Tc-99m-Sestamibi (MW 778 Da) and Tc-99m-Tetrafosmin (MW 895 Da)
摘要
Tc-99m-sestamibi and Tc-99m-tetrafosmin are lipophilic, bind to plasma proteins and are taken up to a variable extent by all tissues because they target mitochondria in which glucose is used to synthesise ATP. They can be thought of as the single-photon equivalents of FDG. The main clinical indication of Tc-99m-sestamibi is localisation of parathyroid adenomas, while that of Tc-99m-tetrafosmin is to image myocardial perfusion. Both are substrates for multidrug resistance (MDR) proteins and therefore fail to accumulate in or are eliminated from tissues that express these proteins, especially brain, liver, kidney and thyroid.
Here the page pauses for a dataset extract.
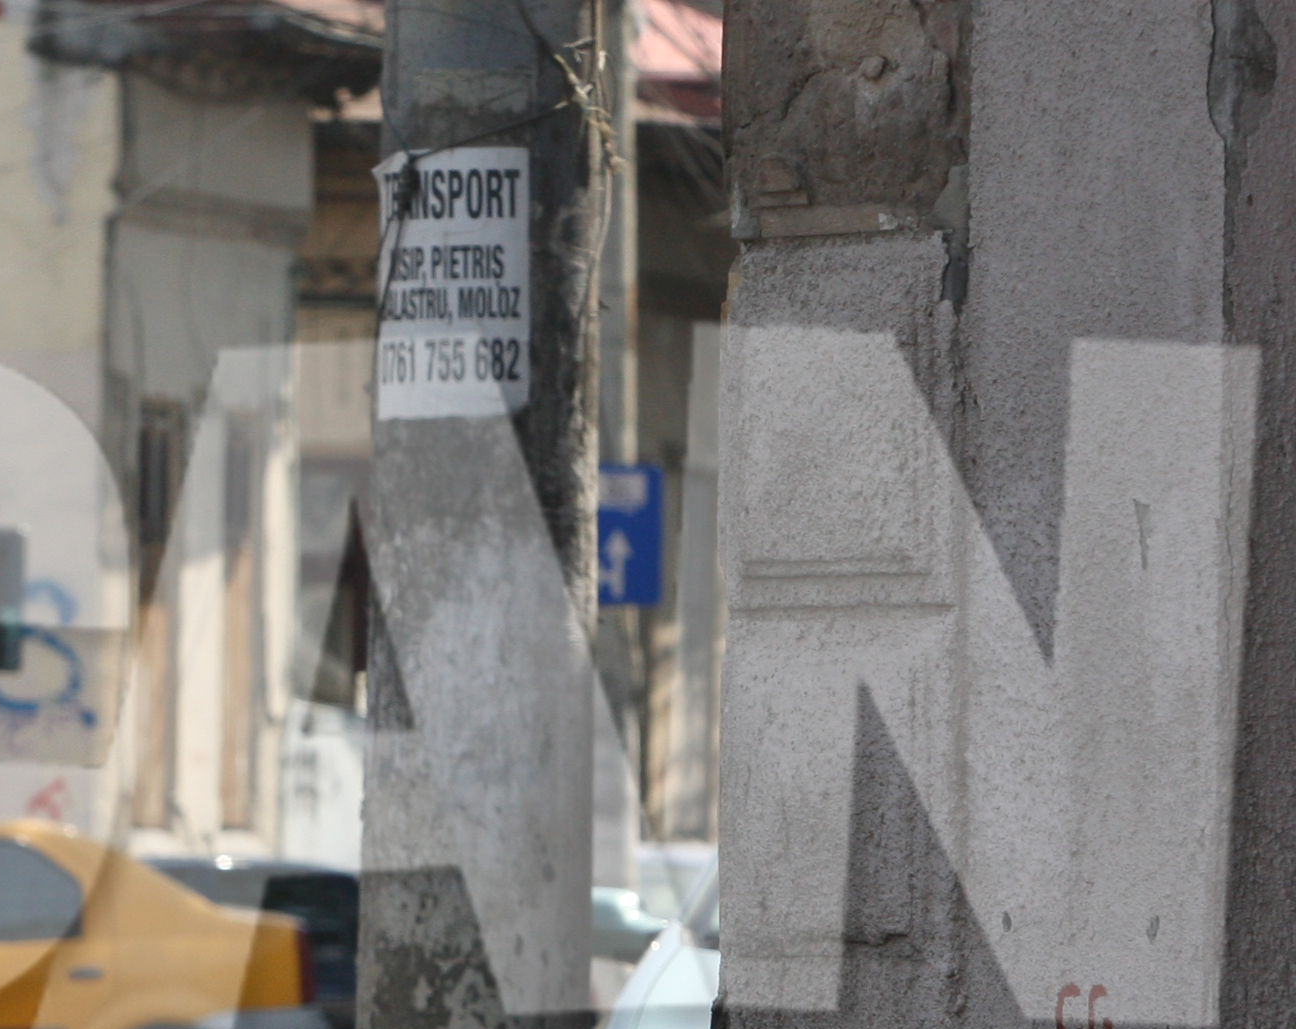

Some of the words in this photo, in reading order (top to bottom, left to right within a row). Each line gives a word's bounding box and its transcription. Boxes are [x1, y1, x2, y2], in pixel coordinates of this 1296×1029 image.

[458, 286, 521, 319] MOLOZ
[424, 337, 465, 383] 755
[475, 336, 521, 382] 682
In contrast MDR proteins are not expressed in myocardium or 90% of parathyroid adenomas. The blood vessels in a zone of myocardium served by a diseased coronary artery undergo dilatation in response to ischaemia and therefore, in contrast to healthy myocardium, fail to dilate in response to a vasodilator such as i.v. adenosine. The zone appears normal at rest after i.v. injection of Tc-99m-tetrafosmin but as a defect after adenosine as a result of 'steal' by healthy myocardium.